Bispo de Maringá diz que documento da CNBB não contempla a palavra corrupção. “É uma falha tremenda”.

No seu programa habitual, chamado Romaria, com conexão direta “Vaticano – Aparecida”, a Rádio Vaticano entrevistou quinta, 7 de abril, o arcebispo de Maringá, Dom Anuar Battisti, que participa da 54ª Assembleia Geral dos bispos do Brasil.

 
O Arcebispo de Maringá expressou uma crítica contra o documento sobre a “conjuntura nacional” apresentado na abertura da Assembleia.

Segundo Dom Anuar, apesar de bem elaborado e compilado, em nenhum momento, o texto contemplou a palavra corrupção.

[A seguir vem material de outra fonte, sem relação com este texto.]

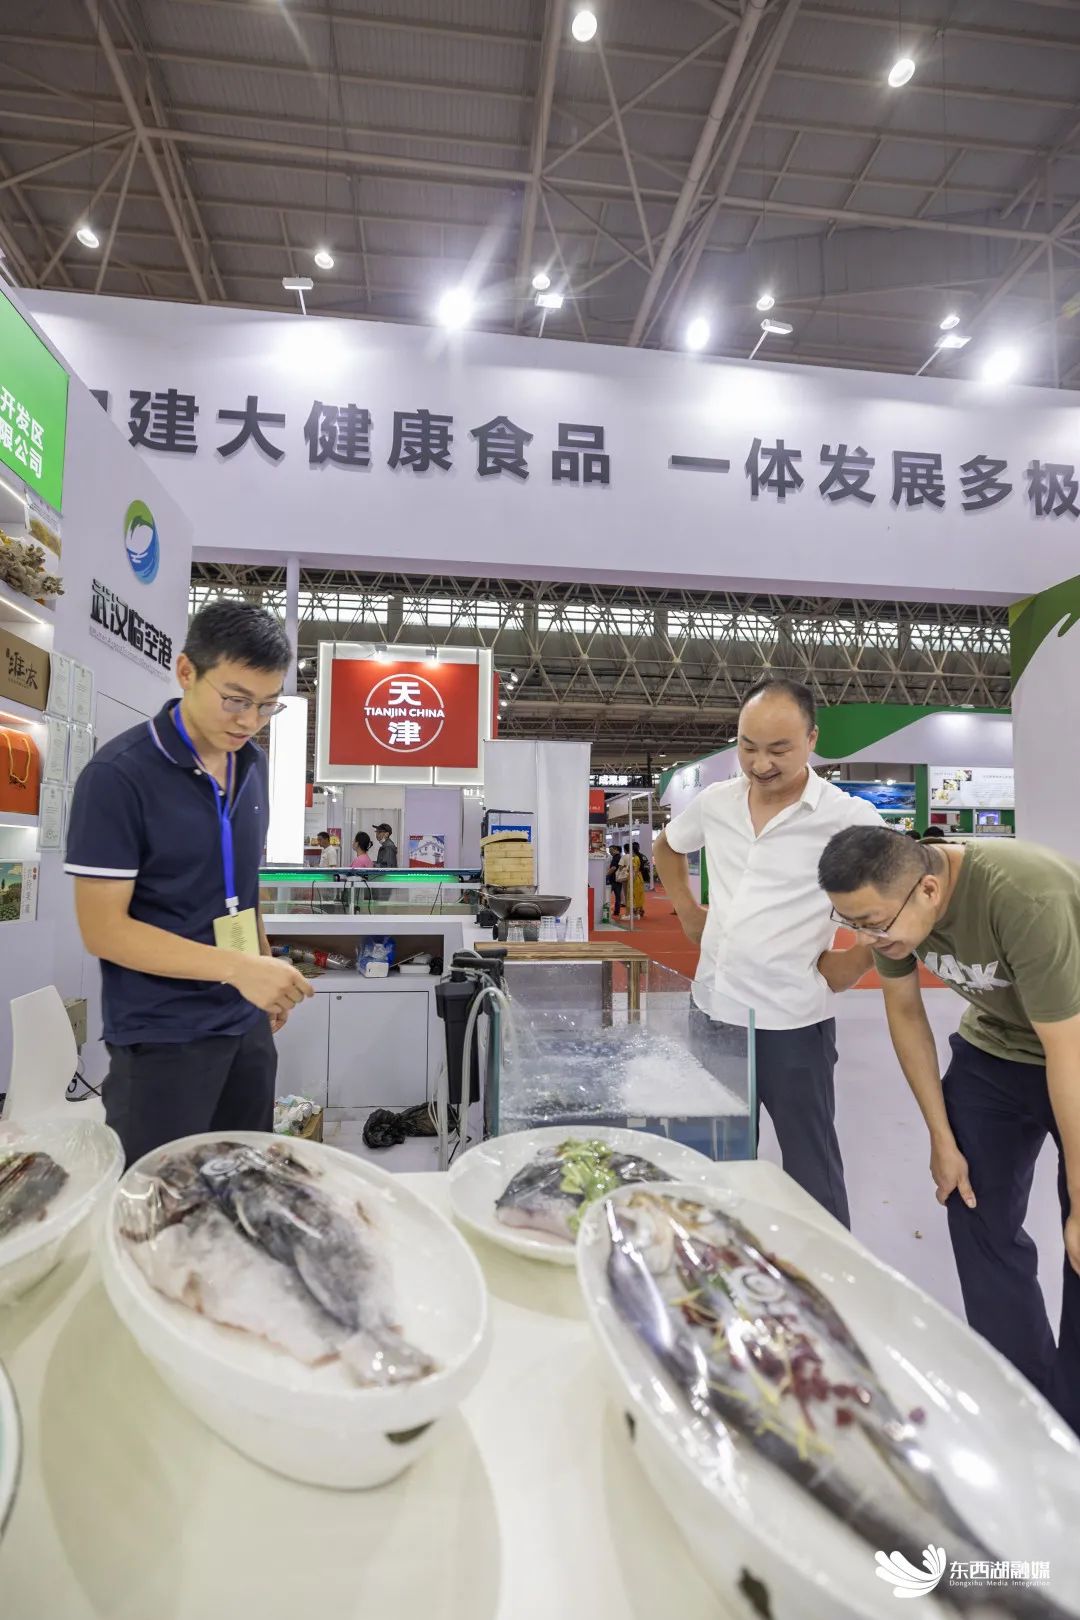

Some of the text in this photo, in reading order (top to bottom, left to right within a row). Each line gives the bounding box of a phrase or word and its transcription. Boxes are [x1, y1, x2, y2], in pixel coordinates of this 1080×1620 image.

[0, 385, 44, 452] 开发区
[89, 388, 1080, 517] 建大健康食品 一体发展多极
[90, 579, 172, 671] 武汉临空港
[364, 707, 445, 718] TIANJIN CHINA
[388, 681, 422, 706] 天
[388, 720, 421, 745] 津

Ao citar o livro do Papa “O nome de Deus é misericórdia”, em que Francisco diferencia corruptos de pecadores – assim como também havia refletido na Casa Santa Marta – o arcebispo disse que vai lutar para que o documento conclusivo dos bispos ao final da Assembleia sobre a conjuntura nacional considere esta distinção, porque a “corrupção está sangrando o Brasil”.

“Eu penso que este discurso do Papa, fazendo esta distinção entre pecador, sim, corrupto, não, deveria aparecer na mensagem final da CNBB”, afirmou Dom Anuar e acrescentou: “Vou lutar por isso, para que, ao menos, apareça isso”.

Segundo o arcebispo “uma das falhas na apresentação da conjuntura nacional do Brasil, que foi muito bem feita, realmente uma análise profunda, foi que, porém, nenhuma vez nesta análise apareceu a palavra corrupção. Isso é muito sério. Falar de uma conjuntura nacional sem apontar a corrupção é uma falha tremenda”, disparou o prelado. “É o que está sangrando hoje o Brasil. De todos os mais de 60 políticos que já foram presos, foram todos por causa de roubo, realmente roubo”, disse.